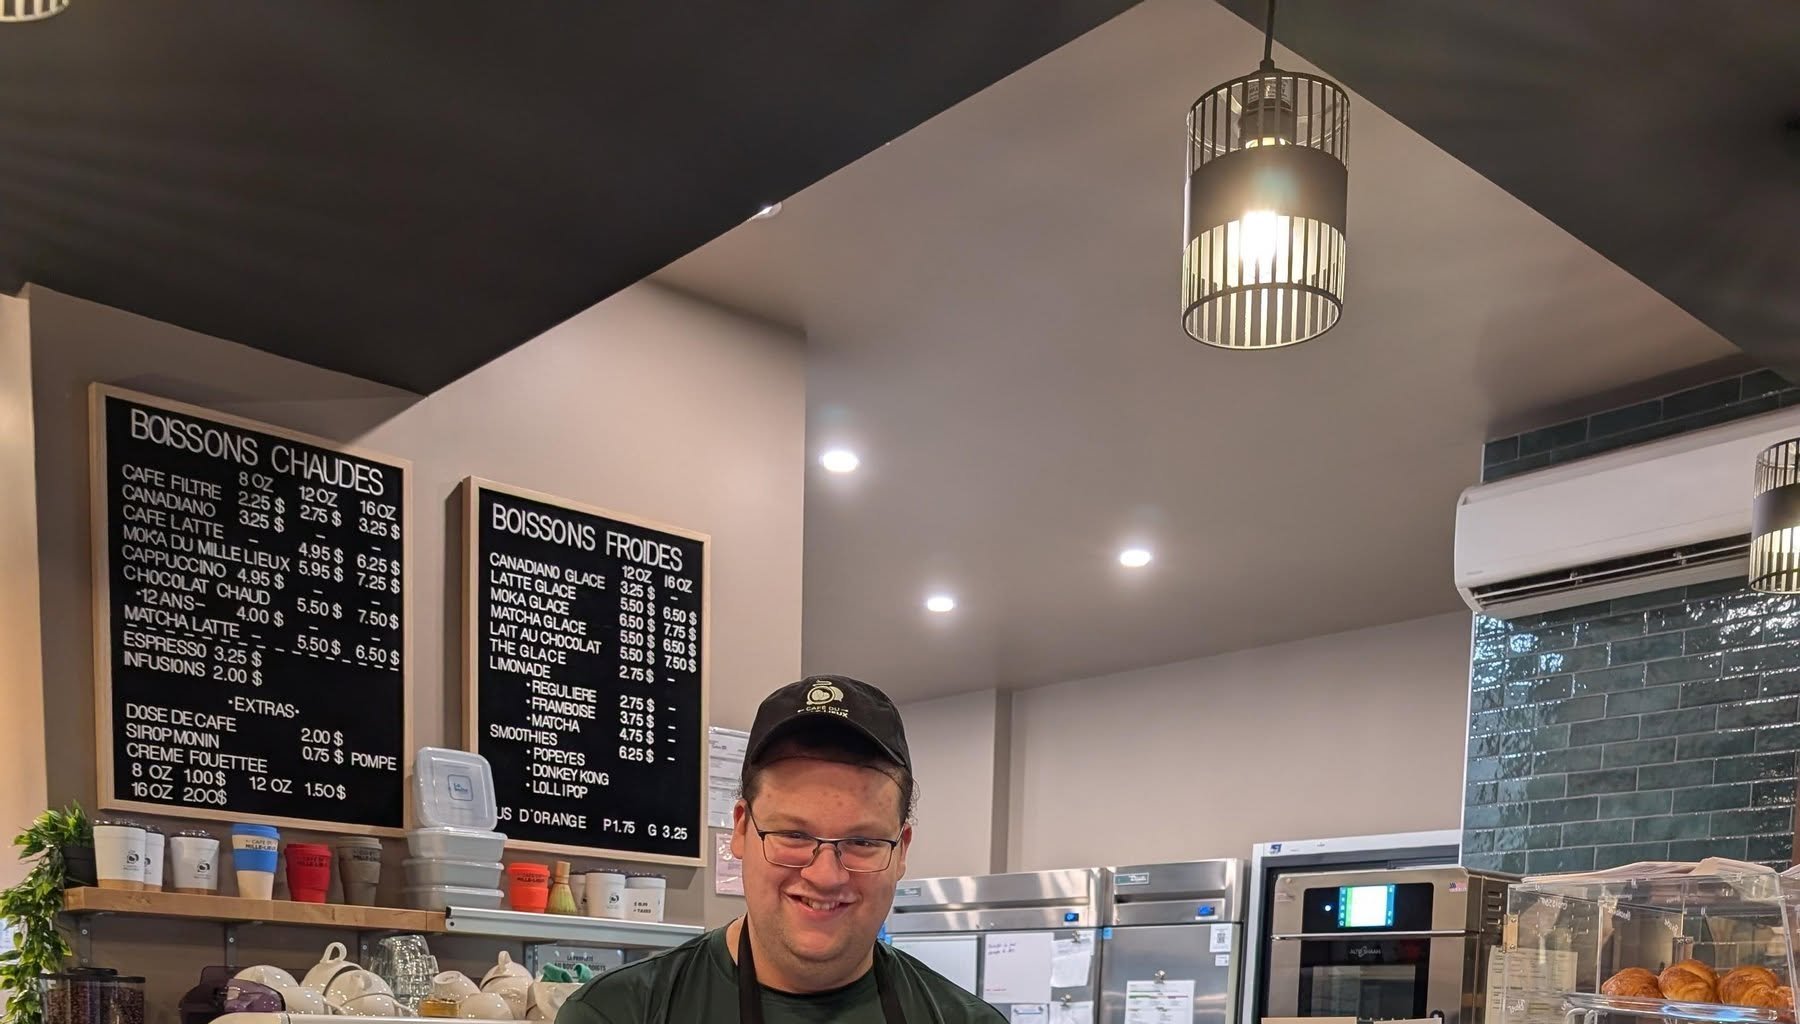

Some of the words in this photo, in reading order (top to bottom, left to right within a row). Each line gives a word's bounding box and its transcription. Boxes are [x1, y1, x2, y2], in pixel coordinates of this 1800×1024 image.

[131, 408, 257, 465] BOISSONS
[271, 445, 383, 495] CHAUDES
[122, 464, 164, 487] CAFE
[171, 474, 221, 500] FILTRE
[239, 471, 248, 486] 8
[252, 473, 273, 492] OZ
[298, 485, 315, 502] 12
[316, 488, 337, 507] OZ
[359, 499, 375, 515] 16
[376, 503, 396, 521] OZ
[122, 484, 215, 517] CANADIANO
[123, 504, 165, 527] CAFE
[170, 514, 223, 539] LATTE
[123, 524, 167, 546] MOKA
[171, 534, 193, 551] DU
[492, 502, 595, 550] BOISSONS
[606, 530, 682, 571] FROIDES
[122, 544, 226, 577] CAPPUCCINO
[489, 552, 560, 579] CANADIANO
[564, 568, 605, 589] GLACE
[123, 564, 209, 593] CHOCOLAT
[216, 582, 270, 605] CHAUD
[490, 569, 531, 590] LATTE
[534, 578, 576, 599] GLACE
[621, 565, 634, 579] 12
[635, 568, 652, 583] OZ
[664, 574, 675, 588] 16
[676, 577, 692, 593] OZ
[490, 586, 526, 606] MOKA
[528, 594, 569, 615] GLACE
[124, 604, 188, 629] MATCHA
[192, 616, 239, 638] LATTE
[490, 603, 541, 626] MATCHA
[543, 614, 586, 635] GLACE
[123, 630, 206, 658] ESPRESSO
[489, 637, 515, 655] THE
[519, 644, 566, 664] GLACE
[490, 621, 518, 638] LAIT
[519, 627, 538, 642] AU
[539, 630, 601, 654] CHOCOLAT
[124, 650, 205, 677] INFUSIONS
[489, 655, 550, 678] LIMONADE
[532, 679, 596, 703] REGULIERE
[126, 703, 168, 723] DOSE
[171, 708, 193, 726] DE
[194, 712, 236, 732] CAFE
[531, 696, 595, 719] FRAMBOISE
[489, 723, 557, 745] SMOOTHIES
[531, 713, 580, 732] MATCHA
[125, 722, 172, 741] SIROP
[173, 729, 219, 748] MONIN
[351, 751, 396, 770] POMPE
[126, 742, 183, 763] CREME
[189, 749, 267, 773] FOUETTEE
[533, 746, 585, 766] POPEYES
[131, 762, 142, 777] 8
[148, 764, 173, 780] OZ
[248, 775, 266, 790] 12
[270, 778, 292, 793] OZ
[532, 763, 578, 781] DONKEY
[579, 769, 609, 785] KONG
[131, 781, 147, 796] 16
[149, 783, 173, 799] OZ
[533, 780, 588, 798] LOLLIPOP
[647, 823, 656, 836] G
[662, 824, 687, 840] 3.25

☆ ☆ ☆ ☆ ☆

• _YOUR ASSIGNMENT_
The records above are to be repeated exactly, apart from their pictures.

• _ANSWER FOR THIS EXERCISE_
Some of the words in this photo, in reading order (top to bottom, left to right within a row). Each line gives a word's bounding box and its transcription. Boxes are [x1, y1, x2, y2], in pixel coordinates of this 1800×1024 image.

[131, 408, 257, 465] BOISSONS
[271, 445, 383, 495] CHAUDES
[122, 464, 164, 487] CAFE
[171, 474, 221, 500] FILTRE
[239, 471, 248, 486] 8
[252, 473, 273, 492] OZ
[298, 485, 315, 502] 12
[316, 488, 337, 507] OZ
[359, 499, 375, 515] 16
[376, 503, 396, 521] OZ
[122, 484, 215, 517] CANADIANO
[123, 504, 165, 527] CAFE
[170, 514, 223, 539] LATTE
[123, 524, 167, 546] MOKA
[171, 534, 193, 551] DU
[492, 502, 595, 550] BOISSONS
[606, 530, 682, 571] FROIDES
[122, 544, 226, 577] CAPPUCCINO
[489, 552, 560, 579] CANADIANO
[564, 568, 605, 589] GLACE
[123, 564, 209, 593] CHOCOLAT
[216, 582, 270, 605] CHAUD
[490, 569, 531, 590] LATTE
[534, 578, 576, 599] GLACE
[621, 565, 634, 579] 12
[635, 568, 652, 583] OZ
[664, 574, 675, 588] 16
[676, 577, 692, 593] OZ
[490, 586, 526, 606] MOKA
[528, 594, 569, 615] GLACE
[124, 604, 188, 629] MATCHA
[192, 616, 239, 638] LATTE
[490, 603, 541, 626] MATCHA
[543, 614, 586, 635] GLACE
[123, 630, 206, 658] ESPRESSO
[489, 637, 515, 655] THE
[519, 644, 566, 664] GLACE
[490, 621, 518, 638] LAIT
[519, 627, 538, 642] AU
[539, 630, 601, 654] CHOCOLAT
[124, 650, 205, 677] INFUSIONS
[489, 655, 550, 678] LIMONADE
[532, 679, 596, 703] REGULIERE
[126, 703, 168, 723] DOSE
[171, 708, 193, 726] DE
[194, 712, 236, 732] CAFE
[531, 696, 595, 719] FRAMBOISE
[489, 723, 557, 745] SMOOTHIES
[531, 713, 580, 732] MATCHA
[125, 722, 172, 741] SIROP
[173, 729, 219, 748] MONIN
[351, 751, 396, 770] POMPE
[126, 742, 183, 763] CREME
[189, 749, 267, 773] FOUETTEE
[533, 746, 585, 766] POPEYES
[131, 762, 142, 777] 8
[148, 764, 173, 780] OZ
[248, 775, 266, 790] 12
[270, 778, 292, 793] OZ
[532, 763, 578, 781] DONKEY
[579, 769, 609, 785] KONG
[131, 781, 147, 796] 16
[149, 783, 173, 799] OZ
[533, 780, 588, 798] LOLLIPOP
[647, 823, 656, 836] G
[662, 824, 687, 840] 3.25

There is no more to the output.